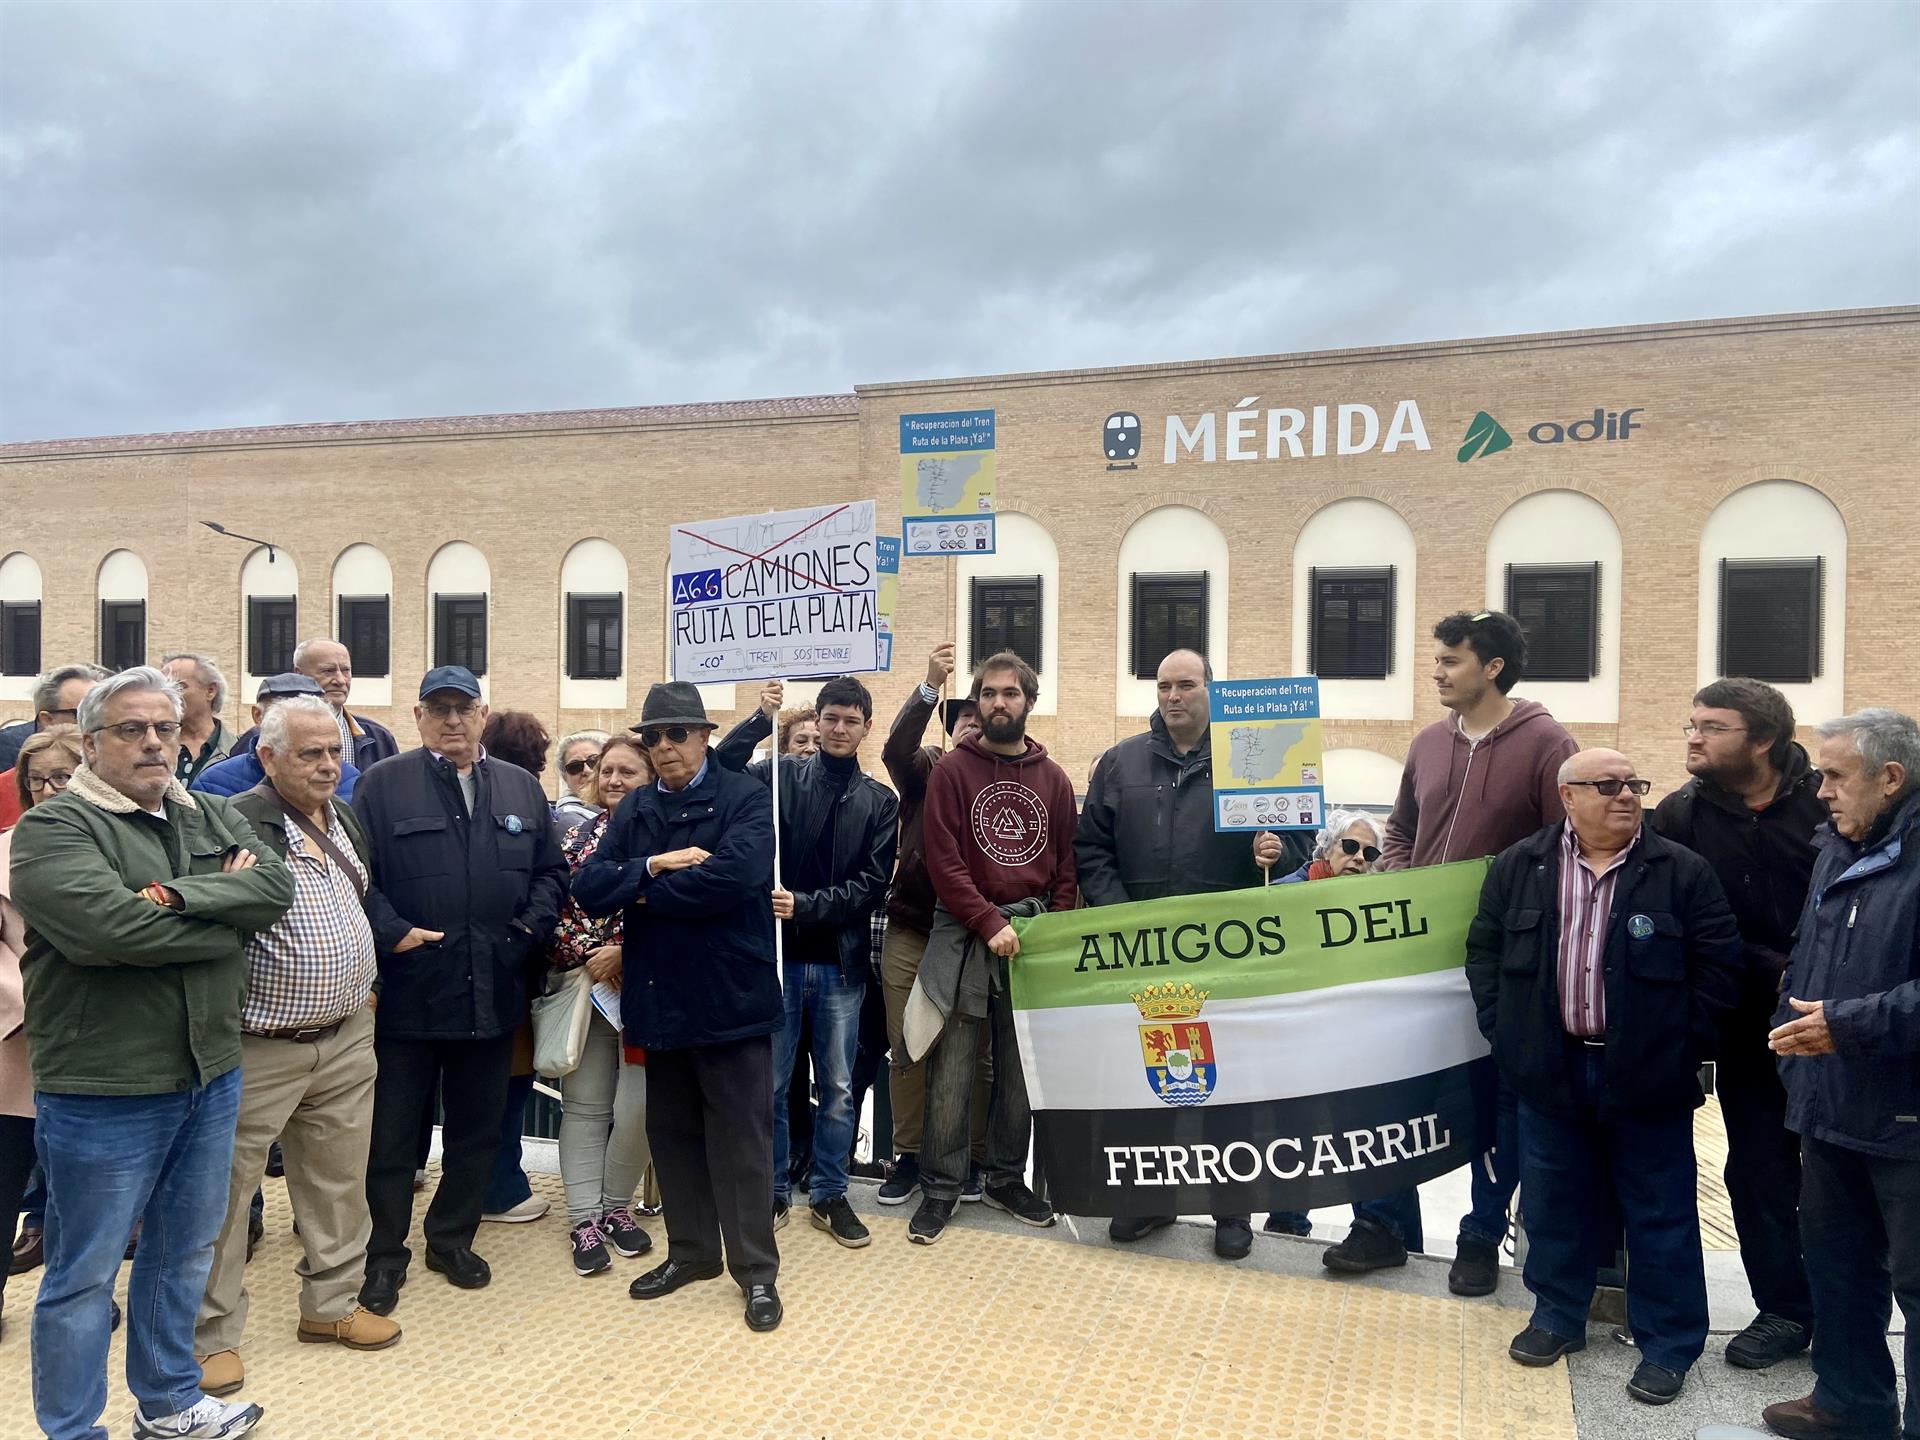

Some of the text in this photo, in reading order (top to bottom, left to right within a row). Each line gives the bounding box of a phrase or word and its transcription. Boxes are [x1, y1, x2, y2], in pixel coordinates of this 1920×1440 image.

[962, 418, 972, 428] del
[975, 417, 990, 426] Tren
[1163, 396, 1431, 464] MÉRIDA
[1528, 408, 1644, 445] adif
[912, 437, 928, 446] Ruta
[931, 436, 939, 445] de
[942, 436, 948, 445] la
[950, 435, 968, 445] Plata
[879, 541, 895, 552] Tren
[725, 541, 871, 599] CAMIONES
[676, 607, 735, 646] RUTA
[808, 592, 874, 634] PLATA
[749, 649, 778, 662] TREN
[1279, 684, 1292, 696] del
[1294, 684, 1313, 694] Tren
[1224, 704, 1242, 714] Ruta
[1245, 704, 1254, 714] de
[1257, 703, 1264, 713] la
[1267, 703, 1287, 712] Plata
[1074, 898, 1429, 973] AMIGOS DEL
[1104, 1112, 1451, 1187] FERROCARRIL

· · ·

» EXERCISE DESCRIPTION
Pictures stay out; print everything else in the data exactly.

» THE COMPLETED TASK
Some of the text in this photo, in reading order (top to bottom, left to right within a row). Each line gives the bounding box of a phrase or word and its transcription. Boxes are [x1, y1, x2, y2], in pixel coordinates of this 1920×1440 image.

[962, 418, 972, 428] del
[975, 417, 990, 426] Tren
[1163, 396, 1431, 464] MÉRIDA
[1528, 408, 1644, 445] adif
[912, 437, 928, 446] Ruta
[931, 436, 939, 445] de
[942, 436, 948, 445] la
[950, 435, 968, 445] Plata
[879, 541, 895, 552] Tren
[725, 541, 871, 599] CAMIONES
[676, 607, 735, 646] RUTA
[808, 592, 874, 634] PLATA
[749, 649, 778, 662] TREN
[1279, 684, 1292, 696] del
[1294, 684, 1313, 694] Tren
[1224, 704, 1242, 714] Ruta
[1245, 704, 1254, 714] de
[1257, 703, 1264, 713] la
[1267, 703, 1287, 712] Plata
[1074, 898, 1429, 973] AMIGOS DEL
[1104, 1112, 1451, 1187] FERROCARRIL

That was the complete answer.